Pendant ce temps, les chiffres explosent : quelque 25 milliards de dollars dépensés en ligne l’an dernier au Canada, une croissance fulgurante qui échappe largement aux commerces d’ici. Derrière ces données, il y a des fermetures silencieuses, des vitrines qui s’éteignent et des mains fatiguées d’avoir tout tenté. Les plateformes étrangères captent l’attention, les paniers virtuels et, surtout, nos revenus locaux. Le tissu économique en pâtit, et avec lui, nos quartiers perdent un peu de leur âme.
Pour Alain, qui tient une librairie de quartier à Chicoutimi, la transition numérique a un goût amer. « J’ai investi dans un site web, payé une agence, mais les clients n’arrivent pas. Les algorithmes ne nous privilégient pas, nous, les petits. » Il parle de sentiment d’injustice, mais aussi d’épuisement.
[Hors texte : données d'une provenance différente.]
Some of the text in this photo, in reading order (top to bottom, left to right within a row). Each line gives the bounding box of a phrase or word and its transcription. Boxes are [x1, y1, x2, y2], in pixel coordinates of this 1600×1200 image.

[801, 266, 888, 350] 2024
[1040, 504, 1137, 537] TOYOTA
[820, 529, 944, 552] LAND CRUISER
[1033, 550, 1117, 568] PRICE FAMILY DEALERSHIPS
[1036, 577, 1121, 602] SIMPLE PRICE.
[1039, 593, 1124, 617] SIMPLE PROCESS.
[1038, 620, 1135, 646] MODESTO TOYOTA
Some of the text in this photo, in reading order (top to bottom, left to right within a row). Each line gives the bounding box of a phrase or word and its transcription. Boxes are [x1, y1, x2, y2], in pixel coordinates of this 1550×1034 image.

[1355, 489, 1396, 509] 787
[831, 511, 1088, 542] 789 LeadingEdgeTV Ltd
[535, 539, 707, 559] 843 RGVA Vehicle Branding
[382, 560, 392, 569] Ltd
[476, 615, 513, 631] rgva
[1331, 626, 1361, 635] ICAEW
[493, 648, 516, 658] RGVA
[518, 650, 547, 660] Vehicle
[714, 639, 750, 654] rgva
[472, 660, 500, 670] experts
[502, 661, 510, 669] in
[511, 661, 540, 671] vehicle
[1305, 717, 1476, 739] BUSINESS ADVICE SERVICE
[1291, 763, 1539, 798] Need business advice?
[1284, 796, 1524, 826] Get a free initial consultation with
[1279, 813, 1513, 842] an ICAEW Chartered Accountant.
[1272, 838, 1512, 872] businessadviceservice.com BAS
Malgré toutes les subventions annoncées, les démarches sont souvent lourdes, l’accès inégal, et la formation insuffisante pour que les petits commerçants puissent vraiment tirer leur épingle du jeu en ligne.
Cette fracture numérique ne menace pas que l’économie locale : elle désagrège aussi des liens sociaux tissés depuis des décennies. Les petits commerces sont plus que des lieux de transaction — ce sont des repères, des lieux de rencontre, des espaces d’écoute intergénérationnels. Lorsque leurs rideaux se ferment, c’est une part de la vie communautaire qui s’efface. On n’achète pas juste un livre ou un chandail : on soutient une présence humaine, un visage connu, une histoire ancrée à notre coin de rue.
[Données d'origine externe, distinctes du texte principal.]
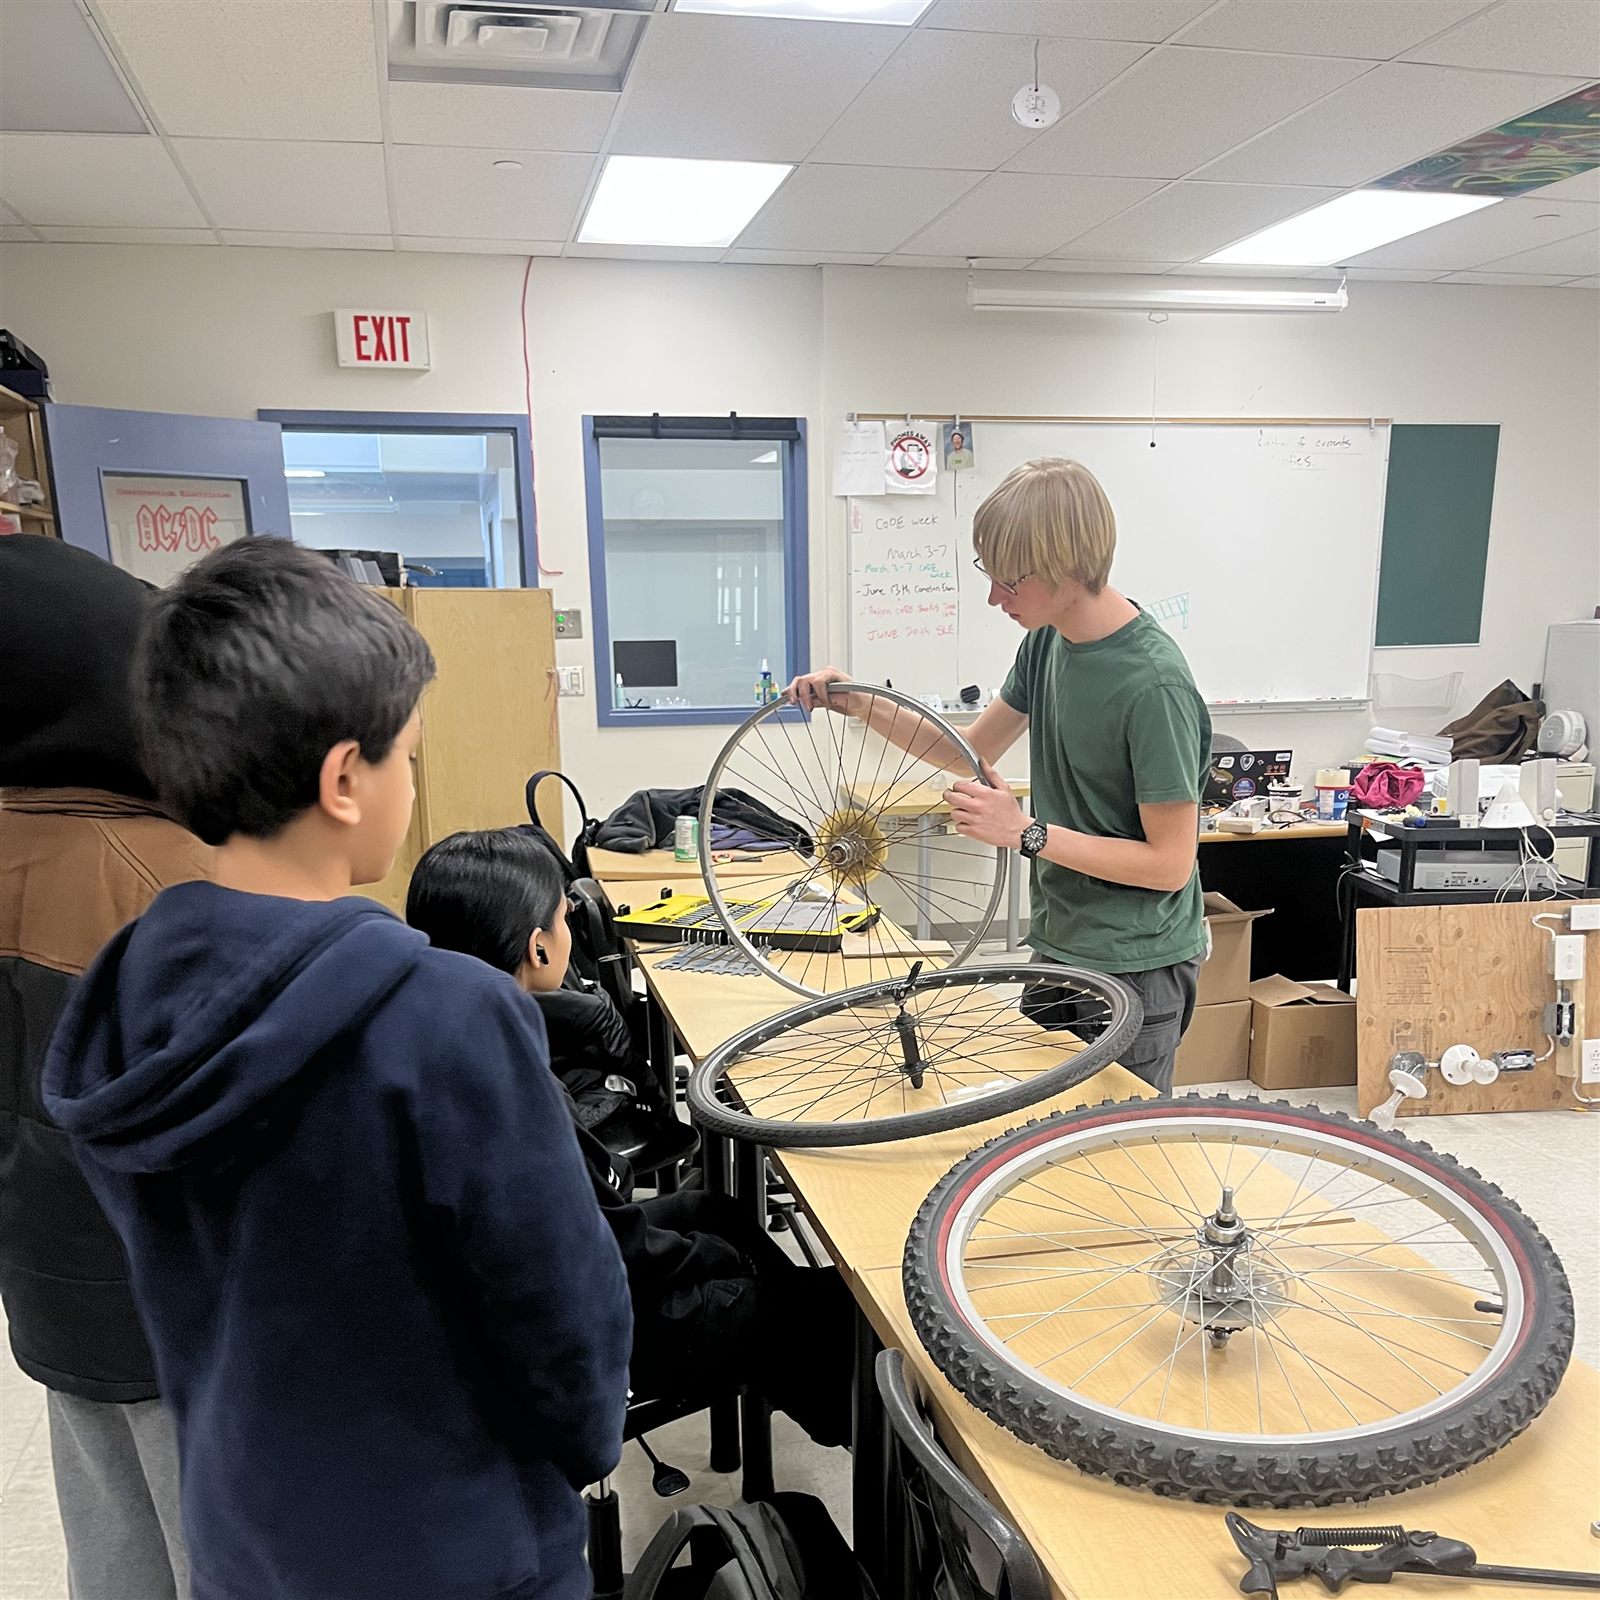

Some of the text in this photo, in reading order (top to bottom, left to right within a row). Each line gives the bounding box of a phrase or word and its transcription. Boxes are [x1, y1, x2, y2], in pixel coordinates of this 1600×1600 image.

Il est urgent de repenser les politiques d’accompagnement numérique pour les acteurs locaux. Pas seulement des aides ponctuelles, mais une vraie stratégie d’inclusion, pensée avec et pour eux. Il en va de la résilience de nos quartiers, de la justice économique, et du droit de chaque commerçant à ne pas être écrasé par la logique implacable des algorithmes. Le progrès technologique n’a de sens que s’il ne laisse personne derrière – c’est aussi ça, la solidarité en action.